Meeting of the Parliament (Hybrid) 01 December 2021
The issues that we are debating could not be more serious. They are matters of life and death within our NHS—an institution in which people should feel safe and secure, in which they rightly expect to have their lives saved, not wasted, and from which they should expect the highest levels of clinical care and the highest standards of hygiene, cleanliness and infection control. Instead, we are debating a hospital that failed, a health board that failed and a Government that has failed.
It is more than two years since we first learned that contaminated water led to the death of Milly Main, but new tragic cases are still only now being made public. Families of the individuals who were infected reveal a culture of secrecy and cover-up among the senior hospital staff. I am in do doubt that the board of NHS Greater Glasgow and Clyde should be held accountable and responsible, but let us not overlook the simple fact that the buck stops elsewhere.

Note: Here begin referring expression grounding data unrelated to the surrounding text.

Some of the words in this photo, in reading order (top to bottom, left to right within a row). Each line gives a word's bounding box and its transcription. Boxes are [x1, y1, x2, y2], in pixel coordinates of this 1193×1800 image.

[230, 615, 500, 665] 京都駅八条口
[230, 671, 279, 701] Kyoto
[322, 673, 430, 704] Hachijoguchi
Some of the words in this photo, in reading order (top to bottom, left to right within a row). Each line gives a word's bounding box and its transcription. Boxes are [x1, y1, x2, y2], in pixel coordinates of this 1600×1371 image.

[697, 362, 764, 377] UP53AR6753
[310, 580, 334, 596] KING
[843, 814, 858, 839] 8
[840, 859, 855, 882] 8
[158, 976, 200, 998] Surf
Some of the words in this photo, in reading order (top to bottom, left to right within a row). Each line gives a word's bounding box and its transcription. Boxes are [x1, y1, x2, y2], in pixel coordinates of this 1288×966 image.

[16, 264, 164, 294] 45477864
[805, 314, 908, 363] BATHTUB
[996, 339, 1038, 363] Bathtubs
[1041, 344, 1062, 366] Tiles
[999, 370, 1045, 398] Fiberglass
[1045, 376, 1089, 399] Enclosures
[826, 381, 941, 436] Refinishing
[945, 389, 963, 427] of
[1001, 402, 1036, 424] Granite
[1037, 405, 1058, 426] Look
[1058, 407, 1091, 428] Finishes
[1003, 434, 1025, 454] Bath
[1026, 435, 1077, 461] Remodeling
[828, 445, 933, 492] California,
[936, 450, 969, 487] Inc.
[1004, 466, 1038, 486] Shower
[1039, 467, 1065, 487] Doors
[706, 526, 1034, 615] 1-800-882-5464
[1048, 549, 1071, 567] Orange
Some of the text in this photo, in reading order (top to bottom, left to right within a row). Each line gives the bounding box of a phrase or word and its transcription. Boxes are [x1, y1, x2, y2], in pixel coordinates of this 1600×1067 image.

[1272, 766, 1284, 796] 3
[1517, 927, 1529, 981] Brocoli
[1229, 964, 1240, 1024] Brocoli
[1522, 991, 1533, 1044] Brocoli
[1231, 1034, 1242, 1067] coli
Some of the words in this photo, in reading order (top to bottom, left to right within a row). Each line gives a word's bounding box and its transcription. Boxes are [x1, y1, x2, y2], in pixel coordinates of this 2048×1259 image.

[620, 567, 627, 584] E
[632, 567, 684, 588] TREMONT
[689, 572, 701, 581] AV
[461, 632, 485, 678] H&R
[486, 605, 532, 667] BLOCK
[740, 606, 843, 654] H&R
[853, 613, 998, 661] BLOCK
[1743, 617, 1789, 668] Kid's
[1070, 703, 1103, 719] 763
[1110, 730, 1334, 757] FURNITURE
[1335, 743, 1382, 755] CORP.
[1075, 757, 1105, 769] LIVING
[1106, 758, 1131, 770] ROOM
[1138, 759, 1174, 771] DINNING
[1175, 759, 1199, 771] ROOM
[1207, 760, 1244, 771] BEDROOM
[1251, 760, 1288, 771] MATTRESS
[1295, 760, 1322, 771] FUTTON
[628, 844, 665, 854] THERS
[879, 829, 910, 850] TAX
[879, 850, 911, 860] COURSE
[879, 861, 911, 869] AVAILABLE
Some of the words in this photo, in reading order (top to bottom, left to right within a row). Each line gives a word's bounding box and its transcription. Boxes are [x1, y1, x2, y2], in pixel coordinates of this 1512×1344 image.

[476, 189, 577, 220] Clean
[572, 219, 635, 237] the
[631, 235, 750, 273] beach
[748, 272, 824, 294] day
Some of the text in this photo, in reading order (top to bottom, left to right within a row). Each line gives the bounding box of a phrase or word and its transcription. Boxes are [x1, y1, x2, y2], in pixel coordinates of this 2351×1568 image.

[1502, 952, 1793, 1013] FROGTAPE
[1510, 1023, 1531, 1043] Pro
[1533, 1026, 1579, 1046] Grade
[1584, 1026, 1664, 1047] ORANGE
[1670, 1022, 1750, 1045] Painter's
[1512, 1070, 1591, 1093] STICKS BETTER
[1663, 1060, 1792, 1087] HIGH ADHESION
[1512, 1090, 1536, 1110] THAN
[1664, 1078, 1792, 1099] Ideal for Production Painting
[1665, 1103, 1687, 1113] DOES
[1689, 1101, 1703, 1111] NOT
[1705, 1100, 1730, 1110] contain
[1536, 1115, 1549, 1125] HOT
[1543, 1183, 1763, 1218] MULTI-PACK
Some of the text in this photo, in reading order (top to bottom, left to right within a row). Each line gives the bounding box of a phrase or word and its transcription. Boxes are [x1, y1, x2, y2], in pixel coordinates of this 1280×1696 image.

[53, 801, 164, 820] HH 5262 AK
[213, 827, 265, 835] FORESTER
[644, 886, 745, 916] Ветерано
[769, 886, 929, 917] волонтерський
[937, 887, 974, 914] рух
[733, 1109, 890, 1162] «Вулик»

The Scottish National Party planned, delivered and ran the hospital. The Government must take full responsibility for the situation. That is why my colleague Douglas Ross is right to call for a second independent public inquiry into the actions of the SNP Government. Yes, the board should go, but the ultimate responsibility lies with SNP ministers’ repeated failure to get to grips with the tragic situation. The Parliament and the country need to fully understand what action ministers have taken since they first became aware of the issues.
We support the Labour motion and propose our own amendment, but we should be careful what we wish for. Escalating the hospital and the health board to stage 5 would mean transferring the operational control of the health board to Scottish ministers, and, on the basis of past, present and, to be frank, today’s performance, that will not inspire confidence among patients.
However, the debate goes far wider than the tragic deaths and illness experienced at the Queen Elizabeth university hospital: it is, sadly, about the culture of this Government—its moral code and moral compass. We know that a fish rots from the head down. We know how this Government operates when it comes to transparency. We know how this culture has permeated some public institutions. There is a corrosive culture of secrecy, questions unanswered, seats left unfilled—like the First Minister’s today—and responsibility dodged. There is diversion and distraction—“It wisnae me,” “Look the other way,” “Nothing to see here.”